Cioma is particularly skilled at navigating this precarious existence, impersonating a German soldier, for example, to earn a free meal. In physical appearance, Cioma certainly looks far more German than Jew, and even gets his hair cut in the fashion of young German soldiers. He skillfully dances from one petty con to the next. He social engineers not just the Germans but even his own friends. He brashly takes the train instead of walking to work, increasing his risk of being outed dramatically, but Cioma thumbs his nose at such dangers and seems to get a kick out of thriving within these dangerous grey areas. It's as if he believes he can simply outwit the Germans, the war and the desperation of his situation. Or perhaps his risk-taking is a form of denial: if he can make enough of his life like it was before, then he can convince himself it's not as bad as it seems. The film is clever - Cioma even had me as the viewer convinced the dangers he was dancing with weren't nearly so threatening and well within his control. Others around him warn him endlessly, but Cioma's concern barely rises above false contrition.

He comes to realize, however, that his reckless disregard has serious consequences. His antics endanger and entangle those around him. In any other time - any "normal" time - his impish fearlessness might be an asset in getting the girl or ascending the corporate ladder, but in Nazi Germany, it could get him and everyone around him killed.

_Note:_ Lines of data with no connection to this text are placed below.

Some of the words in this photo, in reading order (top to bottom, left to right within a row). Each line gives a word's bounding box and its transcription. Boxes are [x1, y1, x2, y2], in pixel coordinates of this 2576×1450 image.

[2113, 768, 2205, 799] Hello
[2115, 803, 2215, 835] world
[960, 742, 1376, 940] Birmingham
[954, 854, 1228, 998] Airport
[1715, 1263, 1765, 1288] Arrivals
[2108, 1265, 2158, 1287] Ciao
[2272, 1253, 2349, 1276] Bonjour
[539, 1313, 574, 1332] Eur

I liked The Forger because it's a wartime film but not on the scale of Saving Private Ryan, Apocalypse Now or The Thin Red line. It's not a combat film. There's no big explosions, scenes of unimaginable gore and death, or big messages about war. Those films no doubt have their place, but in this film, the war is simply reality. The right, wrong, futility of it, and so on, are questions for later. On the list of priorities, survival is at the top and that's the only thing on the list. This is a smaller, more intimate film about how a handful of survivors navigate living in a world where they might be stopped on the street at any time, say the wrong thing, or be outed by a neighbor, and the cost is their lives. It's about how a little too much pride, sympathy or loyalty at the wrong moment can mean death. And yet, despite the ever-present danger, everyone involved is doing their best to experience something approximating living, love, happiness and the small wins where they can get them.